Task statement:
Copy out each line of the material below with no changes.

Listed entries:
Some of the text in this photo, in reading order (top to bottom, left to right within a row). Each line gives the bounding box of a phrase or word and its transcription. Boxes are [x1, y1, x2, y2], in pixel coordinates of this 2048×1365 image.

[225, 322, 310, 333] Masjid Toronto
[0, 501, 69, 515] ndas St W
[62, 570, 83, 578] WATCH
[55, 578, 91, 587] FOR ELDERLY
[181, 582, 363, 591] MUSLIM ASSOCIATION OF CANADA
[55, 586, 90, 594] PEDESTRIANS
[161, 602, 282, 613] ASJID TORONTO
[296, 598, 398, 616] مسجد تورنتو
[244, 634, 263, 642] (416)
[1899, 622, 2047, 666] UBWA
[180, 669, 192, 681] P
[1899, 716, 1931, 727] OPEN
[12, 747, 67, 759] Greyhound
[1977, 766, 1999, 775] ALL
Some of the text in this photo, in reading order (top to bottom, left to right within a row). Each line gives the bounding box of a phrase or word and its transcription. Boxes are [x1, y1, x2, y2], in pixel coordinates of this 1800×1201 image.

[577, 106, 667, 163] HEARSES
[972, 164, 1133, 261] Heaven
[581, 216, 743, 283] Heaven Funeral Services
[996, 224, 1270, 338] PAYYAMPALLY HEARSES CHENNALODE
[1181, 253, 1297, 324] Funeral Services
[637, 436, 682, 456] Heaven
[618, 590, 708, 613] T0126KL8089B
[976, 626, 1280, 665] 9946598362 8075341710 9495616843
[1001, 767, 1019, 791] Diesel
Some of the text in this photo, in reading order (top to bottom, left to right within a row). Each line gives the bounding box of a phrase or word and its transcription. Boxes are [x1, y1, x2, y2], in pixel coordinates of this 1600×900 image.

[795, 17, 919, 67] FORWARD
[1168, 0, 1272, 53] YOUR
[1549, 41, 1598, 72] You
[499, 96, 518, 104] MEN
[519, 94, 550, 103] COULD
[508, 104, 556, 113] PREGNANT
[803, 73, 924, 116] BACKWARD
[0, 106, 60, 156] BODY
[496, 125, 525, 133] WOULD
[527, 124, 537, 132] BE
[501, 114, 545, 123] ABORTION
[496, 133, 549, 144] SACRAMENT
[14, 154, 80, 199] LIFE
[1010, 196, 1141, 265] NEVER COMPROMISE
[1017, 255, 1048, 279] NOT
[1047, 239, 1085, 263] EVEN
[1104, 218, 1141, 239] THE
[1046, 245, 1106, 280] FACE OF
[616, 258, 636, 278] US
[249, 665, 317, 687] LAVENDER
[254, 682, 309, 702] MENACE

Your response:
Some of the text in this photo, in reading order (top to bottom, left to right within a row). Each line gives the bounding box of a phrase or word and its transcription. Boxes are [x1, y1, x2, y2], in pixel coordinates of this 2048×1365 image.

[225, 322, 310, 333] Masjid Toronto
[0, 501, 69, 515] ndas St W
[62, 570, 83, 578] WATCH
[55, 578, 91, 587] FOR ELDERLY
[181, 582, 363, 591] MUSLIM ASSOCIATION OF CANADA
[55, 586, 90, 594] PEDESTRIANS
[161, 602, 282, 613] ASJID TORONTO
[296, 598, 398, 616] مسجد تورنتو
[244, 634, 263, 642] (416)
[1899, 622, 2047, 666] UBWA
[180, 669, 192, 681] P
[1899, 716, 1931, 727] OPEN
[12, 747, 67, 759] Greyhound
[1977, 766, 1999, 775] ALL
Some of the text in this photo, in reading order (top to bottom, left to right within a row). Each line gives the bounding box of a phrase or word and its transcription. Boxes are [x1, y1, x2, y2], in pixel coordinates of this 1800×1201 image.

[577, 106, 667, 163] HEARSES
[972, 164, 1133, 261] Heaven
[581, 216, 743, 283] Heaven Funeral Services
[996, 224, 1270, 338] PAYYAMPALLY HEARSES CHENNALODE
[1181, 253, 1297, 324] Funeral Services
[637, 436, 682, 456] Heaven
[618, 590, 708, 613] T0126KL8089B
[976, 626, 1280, 665] 9946598362 8075341710 9495616843
[1001, 767, 1019, 791] Diesel
Some of the text in this photo, in reading order (top to bottom, left to right within a row). Each line gives the bounding box of a phrase or word and its transcription. Boxes are [x1, y1, x2, y2], in pixel coordinates of this 1600×900 image.

[795, 17, 919, 67] FORWARD
[1168, 0, 1272, 53] YOUR
[1549, 41, 1598, 72] You
[499, 96, 518, 104] MEN
[519, 94, 550, 103] COULD
[508, 104, 556, 113] PREGNANT
[803, 73, 924, 116] BACKWARD
[0, 106, 60, 156] BODY
[496, 125, 525, 133] WOULD
[527, 124, 537, 132] BE
[501, 114, 545, 123] ABORTION
[496, 133, 549, 144] SACRAMENT
[14, 154, 80, 199] LIFE
[1010, 196, 1141, 265] NEVER COMPROMISE
[1017, 255, 1048, 279] NOT
[1047, 239, 1085, 263] EVEN
[1104, 218, 1141, 239] THE
[1046, 245, 1106, 280] FACE OF
[616, 258, 636, 278] US
[249, 665, 317, 687] LAVENDER
[254, 682, 309, 702] MENACE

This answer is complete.